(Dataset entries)
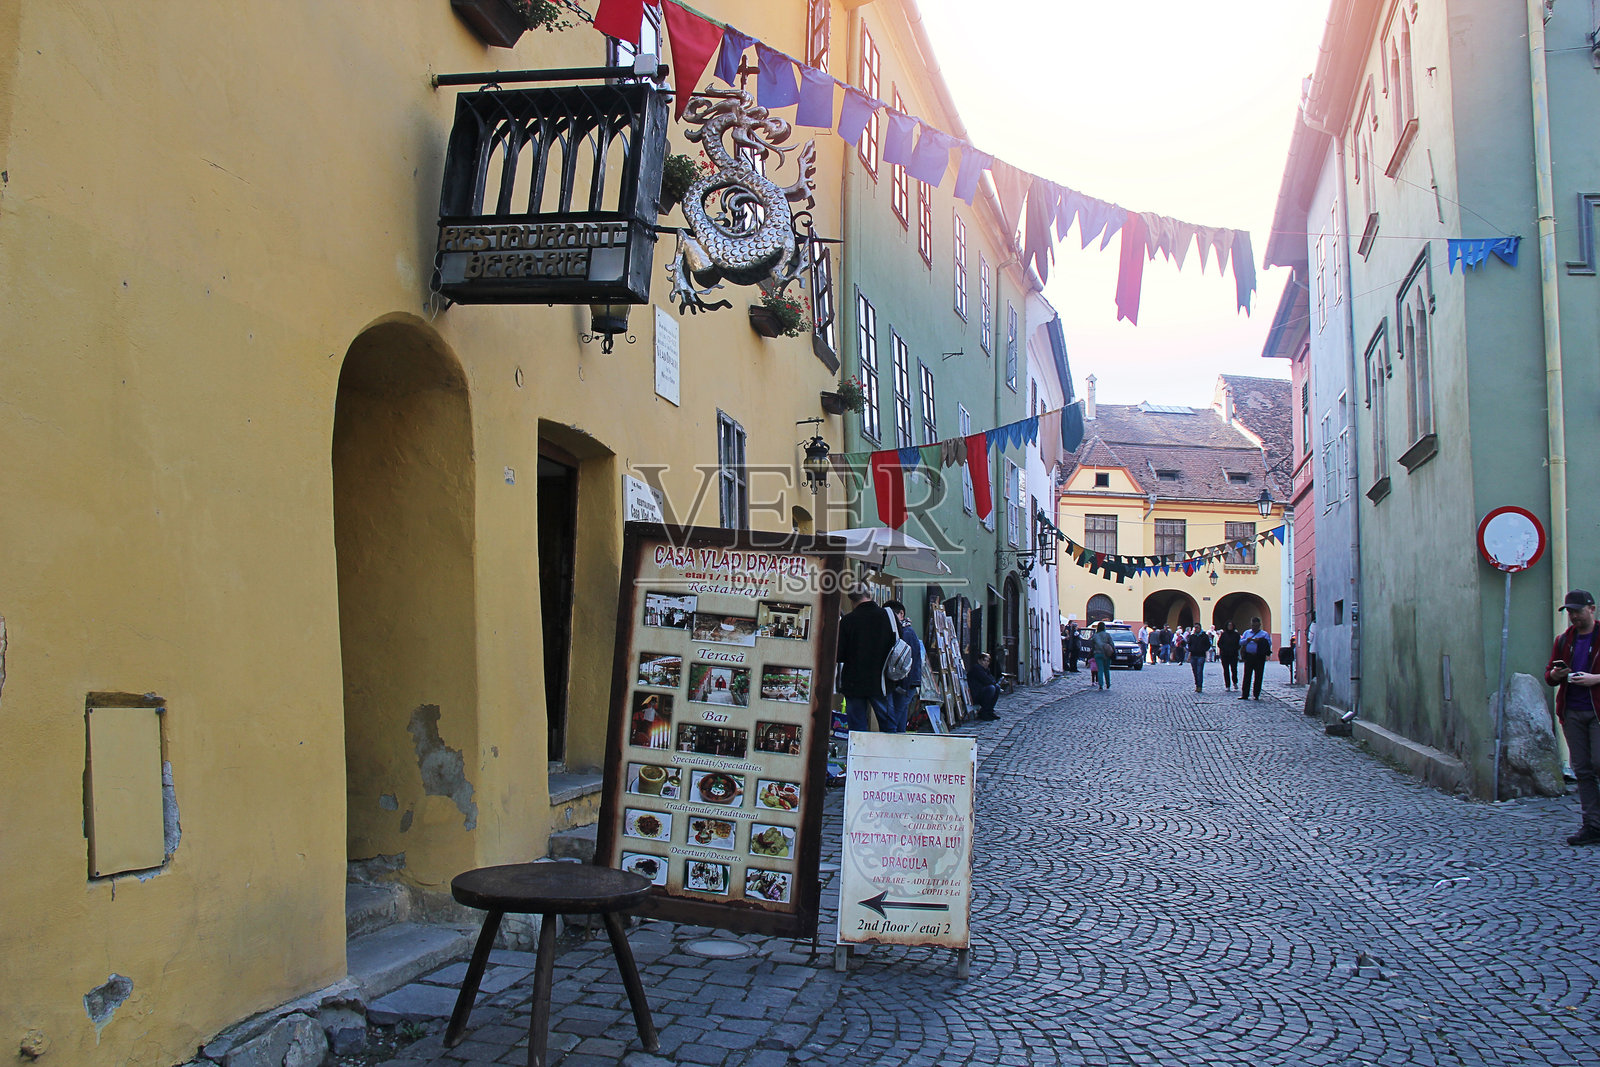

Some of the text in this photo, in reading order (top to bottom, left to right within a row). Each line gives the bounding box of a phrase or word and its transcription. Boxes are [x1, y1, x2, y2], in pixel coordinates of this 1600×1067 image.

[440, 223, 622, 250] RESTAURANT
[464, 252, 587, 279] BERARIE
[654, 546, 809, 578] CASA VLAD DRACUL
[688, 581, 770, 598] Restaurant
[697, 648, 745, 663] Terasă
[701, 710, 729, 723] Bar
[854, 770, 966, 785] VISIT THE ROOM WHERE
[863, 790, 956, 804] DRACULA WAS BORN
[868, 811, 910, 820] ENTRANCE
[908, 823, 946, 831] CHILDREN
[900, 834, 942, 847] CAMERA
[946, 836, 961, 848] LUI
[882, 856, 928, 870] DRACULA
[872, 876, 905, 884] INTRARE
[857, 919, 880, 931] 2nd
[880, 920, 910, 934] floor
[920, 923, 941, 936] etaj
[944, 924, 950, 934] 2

## About this exercise
Retype each record exactly as it appears above and drop the images.

## Answer area
Some of the text in this photo, in reading order (top to bottom, left to right within a row). Each line gives the bounding box of a phrase or word and its transcription. Boxes are [x1, y1, x2, y2], in pixel coordinates of this 1600×1067 image.

[440, 223, 622, 250] RESTAURANT
[464, 252, 587, 279] BERARIE
[654, 546, 809, 578] CASA VLAD DRACUL
[688, 581, 770, 598] Restaurant
[697, 648, 745, 663] Terasă
[701, 710, 729, 723] Bar
[854, 770, 966, 785] VISIT THE ROOM WHERE
[863, 790, 956, 804] DRACULA WAS BORN
[868, 811, 910, 820] ENTRANCE
[908, 823, 946, 831] CHILDREN
[900, 834, 942, 847] CAMERA
[946, 836, 961, 848] LUI
[882, 856, 928, 870] DRACULA
[872, 876, 905, 884] INTRARE
[857, 919, 880, 931] 2nd
[880, 920, 910, 934] floor
[920, 923, 941, 936] etaj
[944, 924, 950, 934] 2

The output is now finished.